19L’utilisation du programme apparaît dès lors comme un instrument apte à favoriser cette sortie de soi. Pour John Cage, c’est plus précisément l’utilisation de programmes simulant le hasard qui remplit ce rôle. L’aléatoire tel qu’il le théorise propose une forme de neutralité : en utilisant le hasard, n’importe quelle lettre peut être sélectionnée, aucune n’a de privilège sur les autres. Il y a un aplatissement des termes du dictionnaire, une annulation des hiérarchies.
Programmer le hasard
20Si le hasard est ainsi compris comme étant le fait de donner une chance à chaque élément d’un ensemble (note, lettre ou mot), il est un hasard paradoxal puisqu’il obéit à une loi, celle de la distribution égalitaire des occurrences. Ce n’est pas une absence d’ordre mais une convention mettant en équivalence égalité des occurrences et hasard.
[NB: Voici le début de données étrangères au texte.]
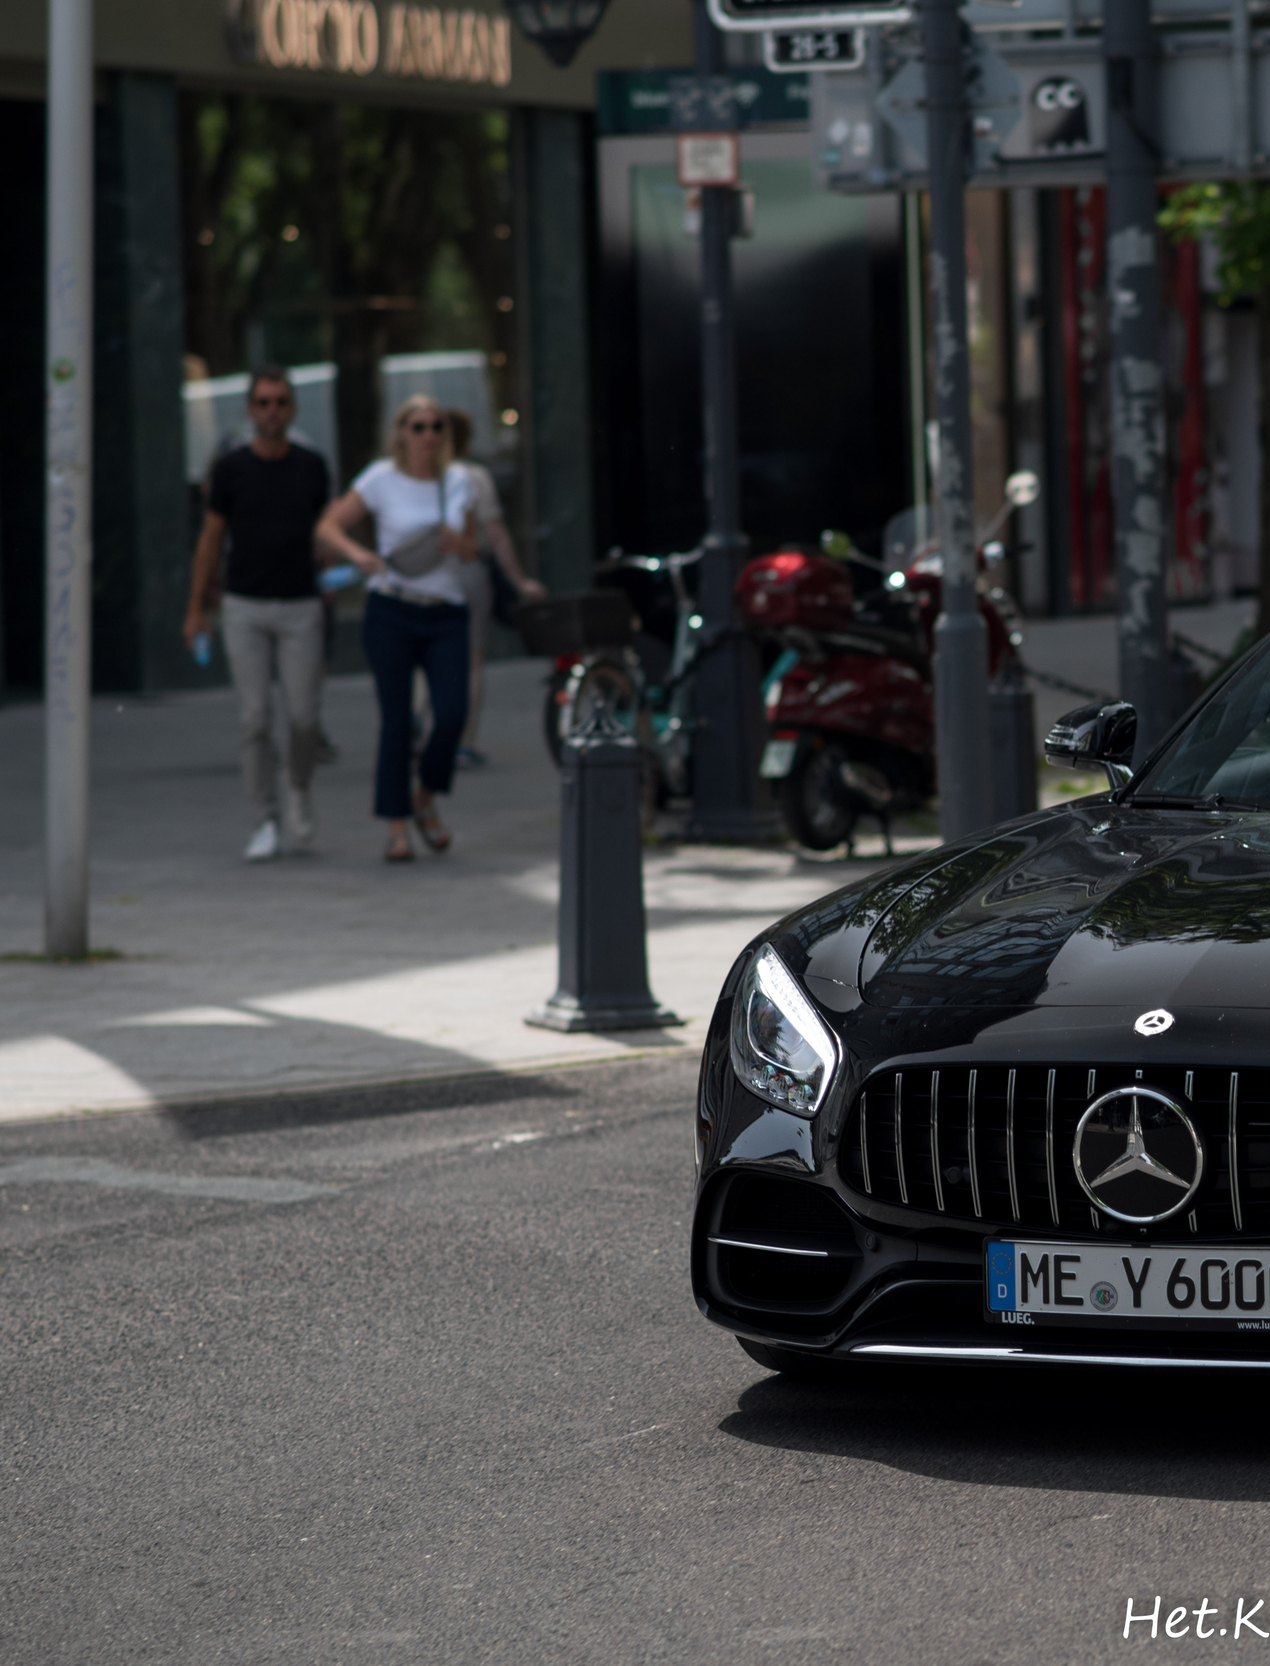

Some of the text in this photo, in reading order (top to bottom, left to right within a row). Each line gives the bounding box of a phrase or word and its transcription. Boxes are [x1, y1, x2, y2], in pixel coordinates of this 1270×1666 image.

21Ce paradoxe se retrouve en informatique : théoriquement, le hasard est contradictoire avec l’essence déterminée du programme. Pourtant, celui-ci est utilisé tous les jours en sécurité, pour programmer des jeux ou des systèmes de paris. Les informaticiens contournent le problème en recourant à des simulations de hasard. Il s’agit d’utiliser des programmes appelés « pseudo-random », devant satisfaire aux critères suivants :
- sur le long terme, présenter une distribution équitable des éléments de départ. Chaque chiffre doit apparaître à peu près autant de fois.
- ne pas avoir de répétition. On ne doit pas trouver de séries se répétant.
- ne pas être prévisible. À partir des premiers termes générés, on ne doit pas pouvoir trouver les suivants.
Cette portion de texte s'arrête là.